According to http://en.wikipedia.org/wiki/Ritch_Savin-Williams
“Ritch C. Savin-Williams, Ph.D, (born 1949) is a professor of developmental psychology at Cornell University who specializes in gay, lesbian, and bisexual research. He currently the chair of the Department of Human Development at Cornell. Savin-Williams earned his Bachelor of Arts in Psychology from the University of Missouri in 1971. He later earned an MA in Religious Studies in 1973 and a Ph.D in Human Development in 1977 from the University of Chicago. Savin-Williams retrained in Clinical Psychology at the University of Massachusetts from 1989 to 1993 before completing his residency at Children’s Hospital of Michigan.”

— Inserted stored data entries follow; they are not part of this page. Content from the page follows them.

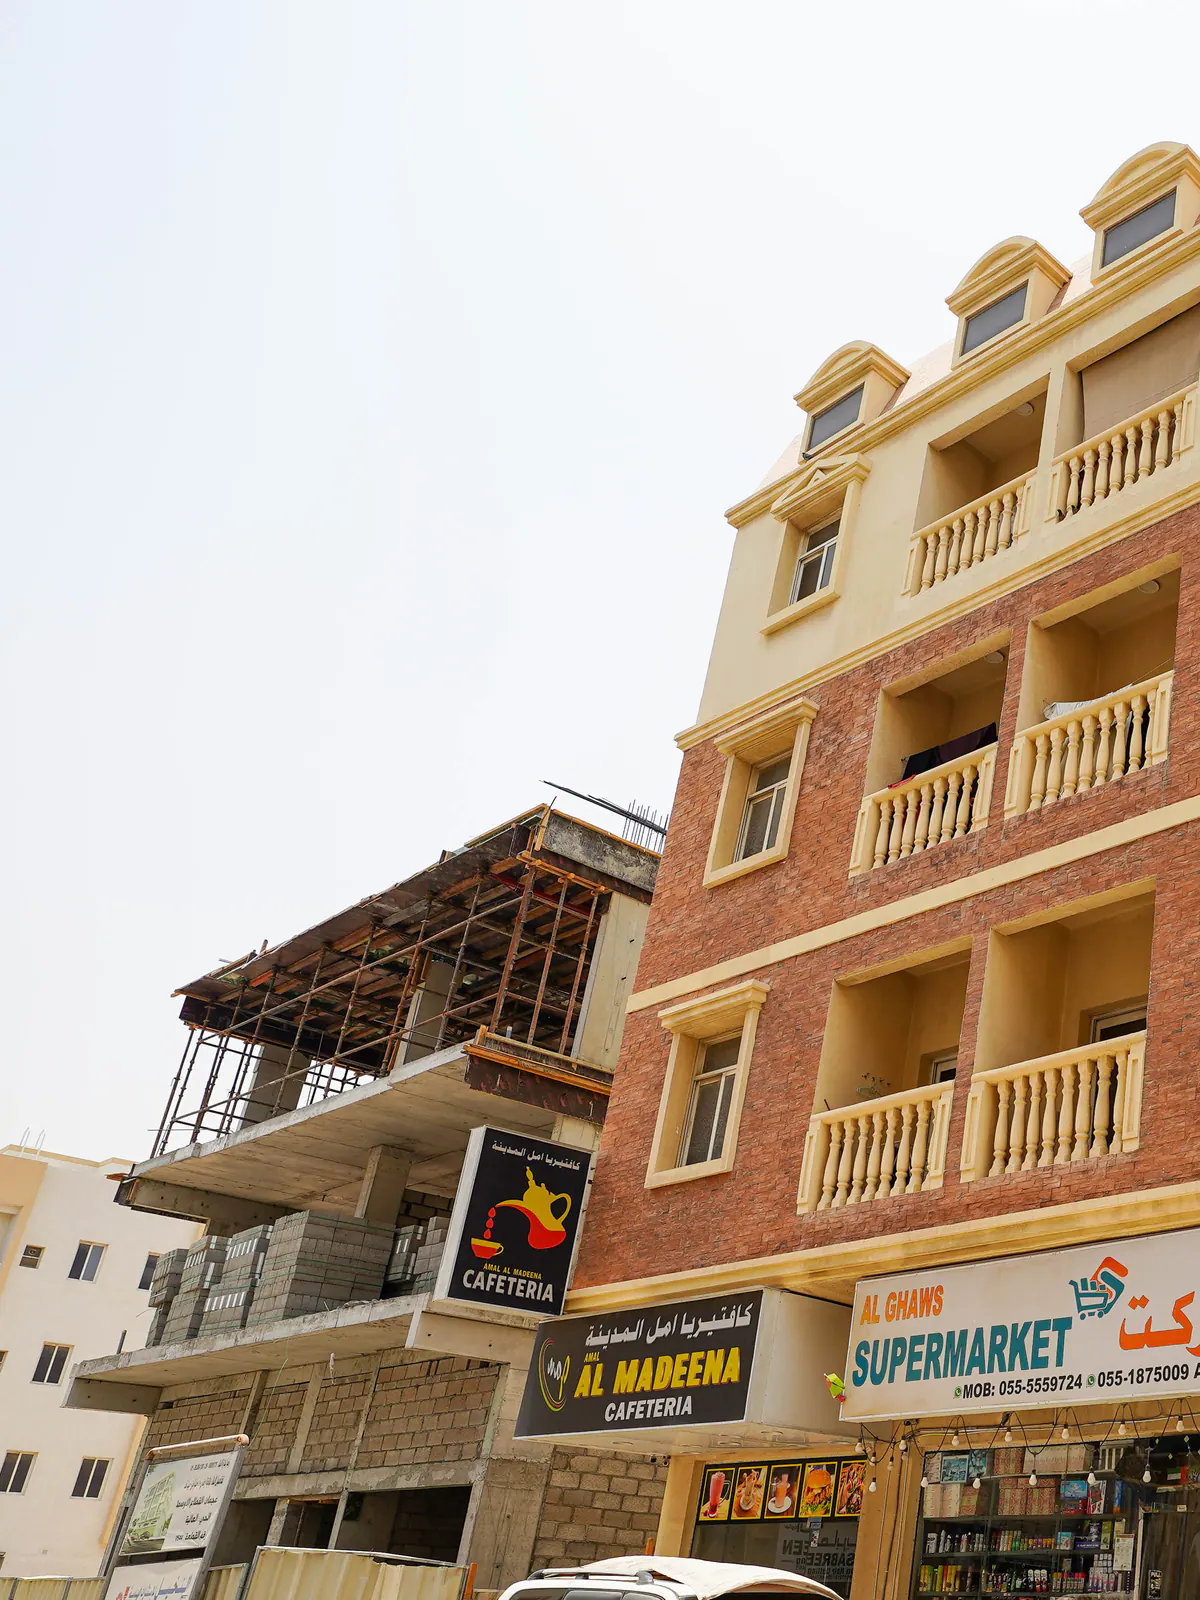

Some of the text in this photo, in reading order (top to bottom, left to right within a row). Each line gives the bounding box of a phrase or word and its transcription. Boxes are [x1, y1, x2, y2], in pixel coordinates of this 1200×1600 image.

[491, 1140, 527, 1157] المدينة
[462, 1269, 554, 1302] CAFETERIA
[483, 1262, 542, 1280] AMAL AL MADEENA
[860, 1284, 944, 1325] AL GHAWS
[585, 1302, 754, 1351] كافتيريا امل المدينة
[583, 1351, 600, 1364] AMAL
[851, 1316, 1073, 1388] SUPERMARKET
[573, 1362, 604, 1399] AL
[612, 1346, 741, 1395] MADEENA
[962, 1382, 996, 1399] MOB:
[999, 1374, 1083, 1396] 055-5559724
[1097, 1364, 1189, 1388] 055-1875009
[604, 1395, 693, 1422] CAFETERIA

Dr. Savin-Williams’ received a masters degree in “Religious Studies” before entering a doctoral program, and that is not the same as theology. According to http://en.wikipedia.org/wiki/Religious_Studies “Religious studies, or Religious education, is the academic field of multi-disciplinary, secular study of religious beliefs, behaviors, and institutions. It describes, compares, interprets, and explains religion, emphasizing systematic, historically-based, and cross-cultural perspectives.”
Cornell is not a religious organization masquerading as a university. If Dr. Savin-Williams could not compartmentalize his religious beliefs (whatever those are) from his academic career, it would have been vary hard for him to stay at Cornell.
http://books.google.com/books?id=ISOvF9RJHoMC&pg=PP1&dq=inauthor:Ritch+inauthor:C+inauthor:Savin+inauthor:Williams#v=onepage&q=&f=false
has an excerpt from one of his books. In the preface, he thanks his partner, Kenneth. That would not seem to be consistent with the behavior of a homophobe who justifies his behavior on the basis of religion.
MTiffany
I’m actually looking forward to the death of “homosexual,” “heterosexual,” and “bisexual” and letting people just be “sexual” with anyone they find sexually attractive. And that seems to be what’s happening with the current crop of teenagers. They don’t really seem to care who you’re fucking so long as the fucking is good.
B.
M Shane wrote, “I don’t think that there is any moral/legal way for Scientists to tell which kids are gay, since that is priviledged until they are adults. It’s a silly query anyway,all they have to do is extrapolate from the percentage of adults who are out.”
You can gather data while keeping identities confidential, and there are legitimate reasons for doing that. It’s not just a question of the fraction that are actually gay, but their sexual activities. Statistics on that can be useful for planning various public health programs. For example, someone recently commented on how young straight Christians are engaging in anal sex because they decided they would still consider themselves virgins, and don’t think condoms are necessary because the girl won’t get pregnant. Knowing that can affect what should be emphasized in a sex ed class.